International settlements, however, like any other public relations can be considered through different prisms. For a private person, rarely enters into these relations, it can be very difficult, undesirable, and forced interaction with contractors and other persons. For institutional entity, an entrepreneur risky, but technologically necessary for business operation. For the sovereign public entities is a way of maintaining the socio-economic balance in the world[6].
Chapter 1
International settlements is a part of monetary and financial relations
1.1. The evolution of the global monetary system as a factor development of the international monetary and financial relations
International monetary system-enshrined in international agreements, a form of organization of monetary and financial relations, which operate independently or serving the international movement of goods and factors of production[7].
Monetary and financial system is a necessary step to promote international trade in goods, financial instruments and the movement of factors of production. It consists of two elements. Currency components of the system is the national currency, the terms of their mutual convertibility and circulation, exchange rate parity, exchange rates and national and international mechanisms of its regulation.
Financial elements of the system are the international financial markets and trading mechanisms to specific financial instruments – currency, securities, and loans.
Independent element of the international financial system is the international settlements, serving as the movement of goods and factors of production and financial instruments.
International financing mechanisms are key elements of macroeconomic adjustment, which is carried out in the country's open economy.
Currency is divided according to its membership to:
– the national currency – legal tender in the issuing of countries;
– foreign currency – legal tender in other countries, used in that country.
Classifications can be varied for different characters, in order to achieve the objectives of the study relevant is the following: reserve currency – the currency in which the state held its liquid international reserves used to cover the negative balance of payments.

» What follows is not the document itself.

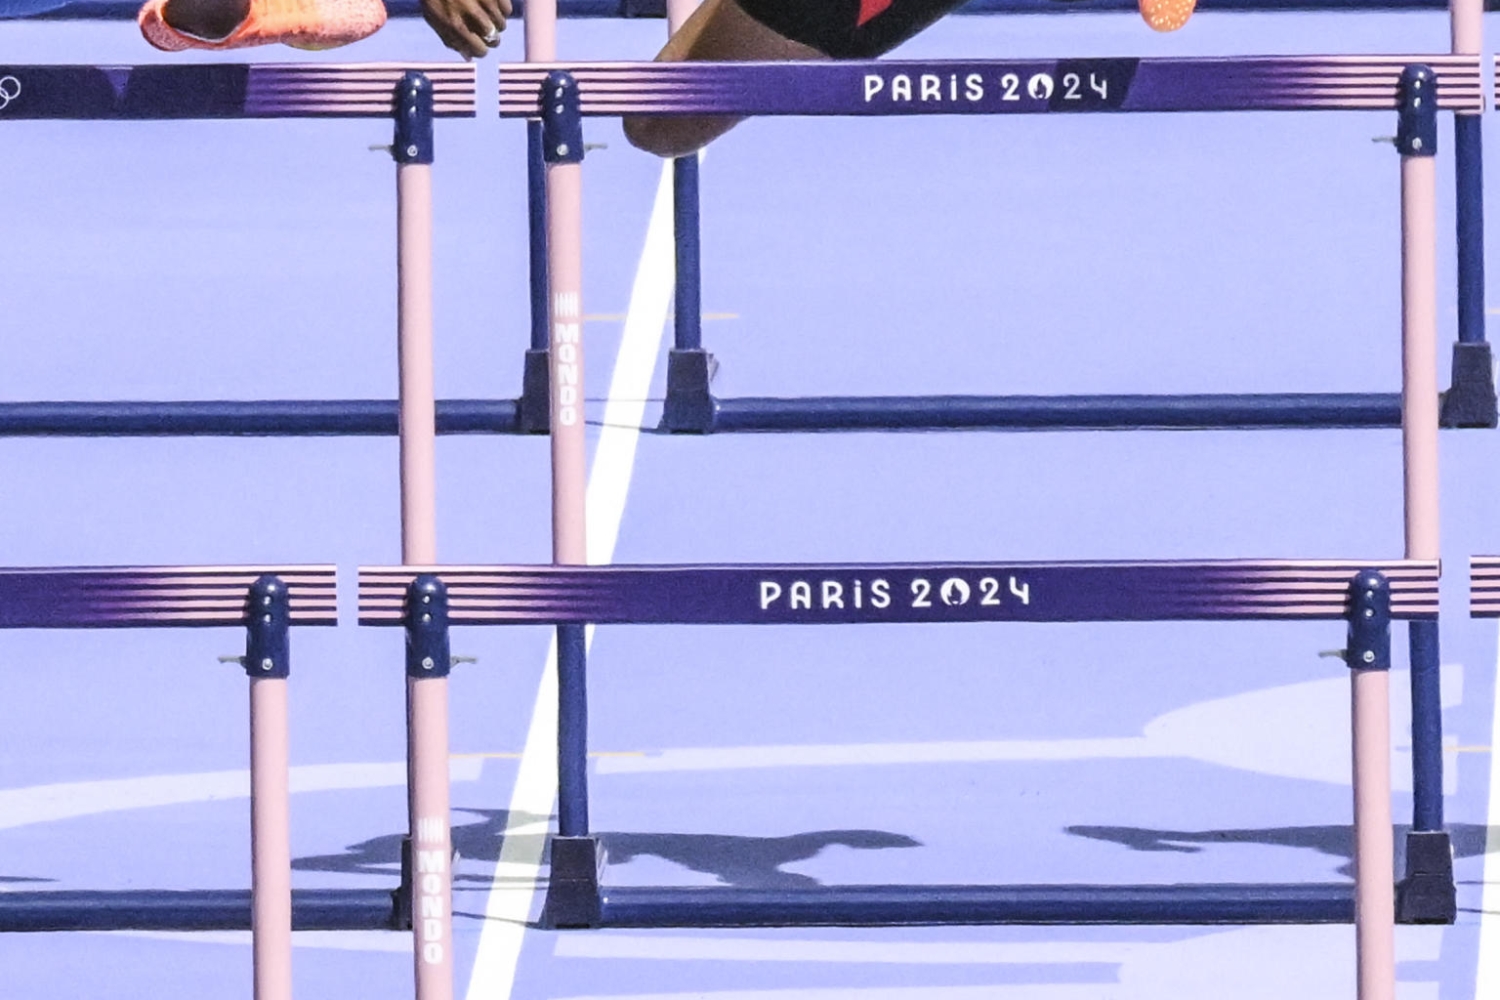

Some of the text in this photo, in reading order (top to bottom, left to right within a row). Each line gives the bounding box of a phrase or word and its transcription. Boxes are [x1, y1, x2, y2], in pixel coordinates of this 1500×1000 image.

Generally accepted in the world currency, which is accumulated by central banks in foreign exchange reserves. It serves as an investment asset, is a method of determining the exchange parity used as a tool of foreign exchange intervention, if necessary, as well as for the central bank for international settlements.

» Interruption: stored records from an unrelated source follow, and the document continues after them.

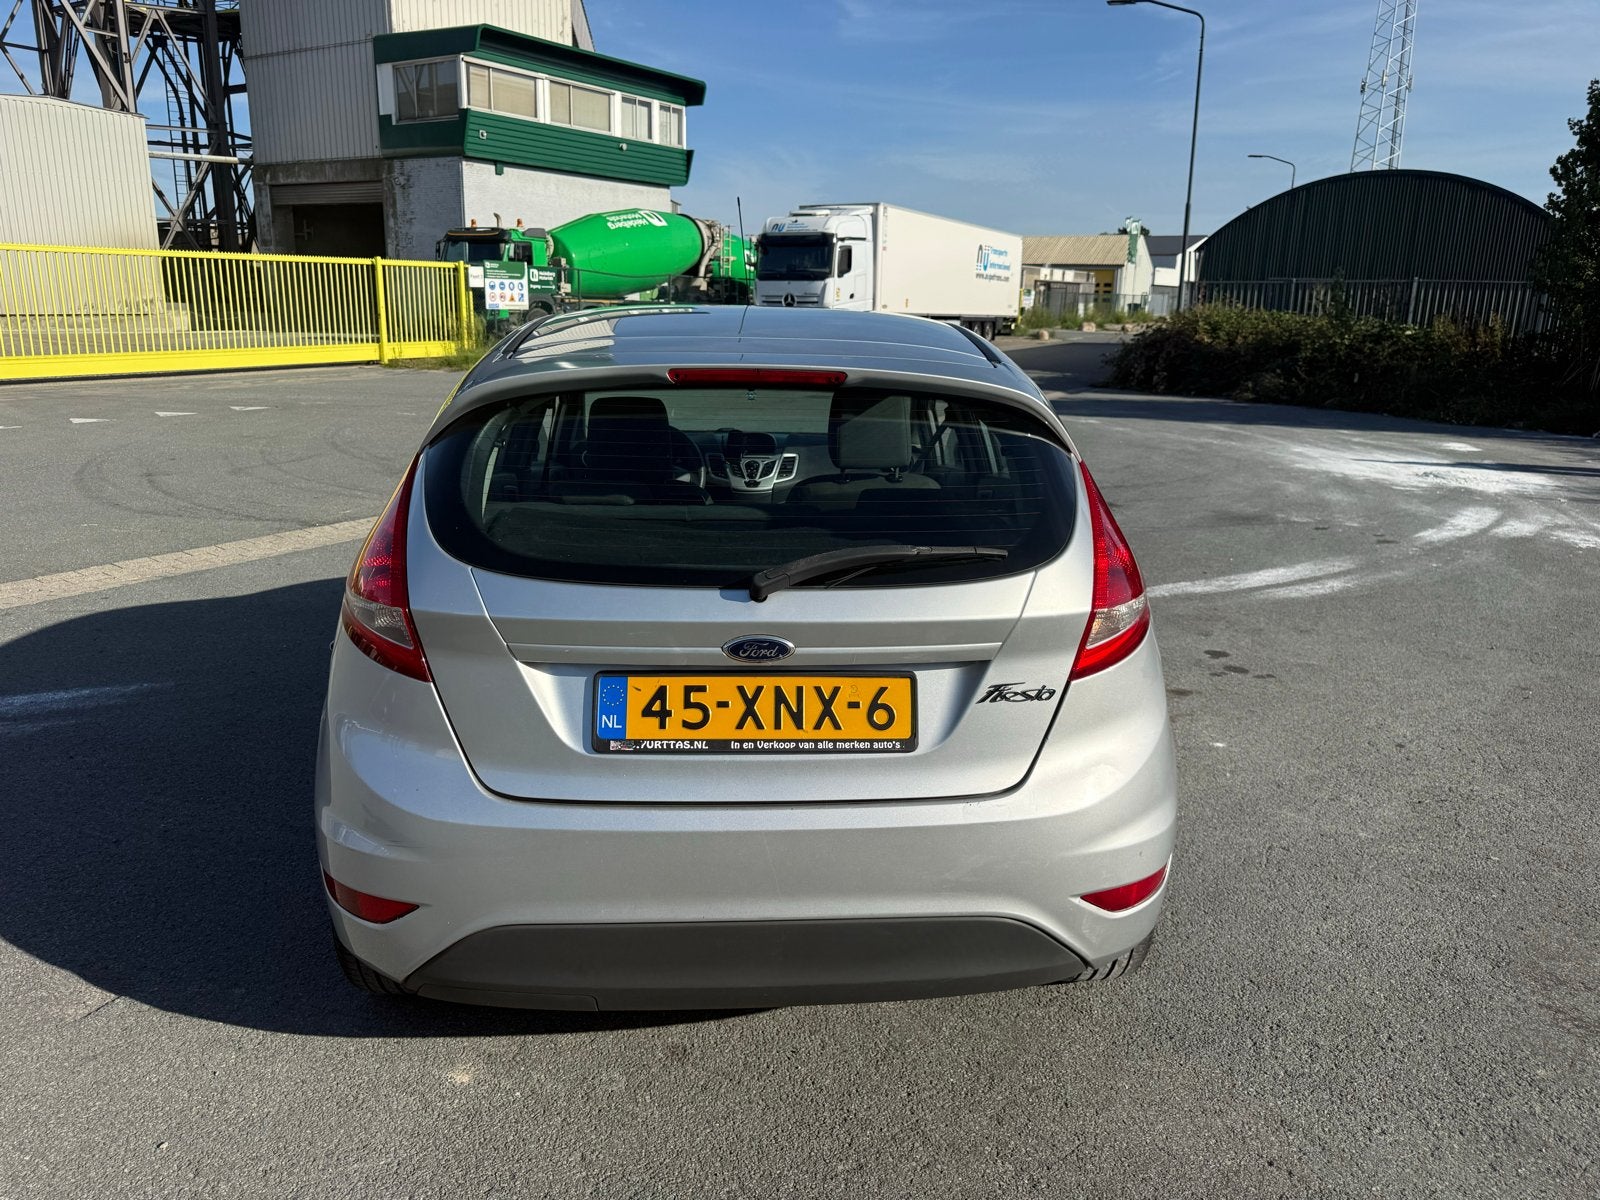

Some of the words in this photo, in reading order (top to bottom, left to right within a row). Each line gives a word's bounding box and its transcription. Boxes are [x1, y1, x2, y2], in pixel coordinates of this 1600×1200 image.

[739, 641, 779, 658] Ford
[975, 682, 1056, 704] Fiesta
[641, 685, 897, 731] 45-XNX-6
[602, 714, 622, 728] NL
[730, 740, 740, 749] In
[757, 740, 796, 750] Verkoop
[799, 741, 815, 749] van
[817, 740, 833, 749] alle
[836, 740, 871, 749] merken

The most important characteristic is the degree of currency convertibility them – the ability of residents and non-free and unrestricted exchange and use in transactions with real financial assets.
From the standpoint of balance of payments is convertible for current transactions, capital transactions and complete, and in terms of residents – domestic and foreign.
The classification of exchange rate systems based on what is recognized as a reserve asset, that is, with the help of an asset can be settled by the imbalances in international payments. By this criterion standard monetary systems are divided into gold, gold exchange, devising. During different periods of history such assets were gold, the dollar convertible into gold at a fixed rate, any currency accepted for international payments, but above all, freely usable currencies.
The gold standard was based on the formalization of the countries of the gold content per unit of domestic currency liabilities of central banks buy and sell domestic currency in exchange for gold. Gold exchange standard based on the officially established fixed parities of currencies against the U.S. dollar, which in turn was convertible into gold at a fixed rate. The main features of the standard devising lies in the fact that countries can use any system of exchange rates of their choice – a fixed or floating, established unilaterally or through multilateral agreements. The IMF has the authority to oversee the development of exchange rates and arrangements for their establishment. Abolished the official price of gold, and eliminated its role as the official means of payment between the IMF and its members. As an additional reserve asset, special drawing rights (SDRs).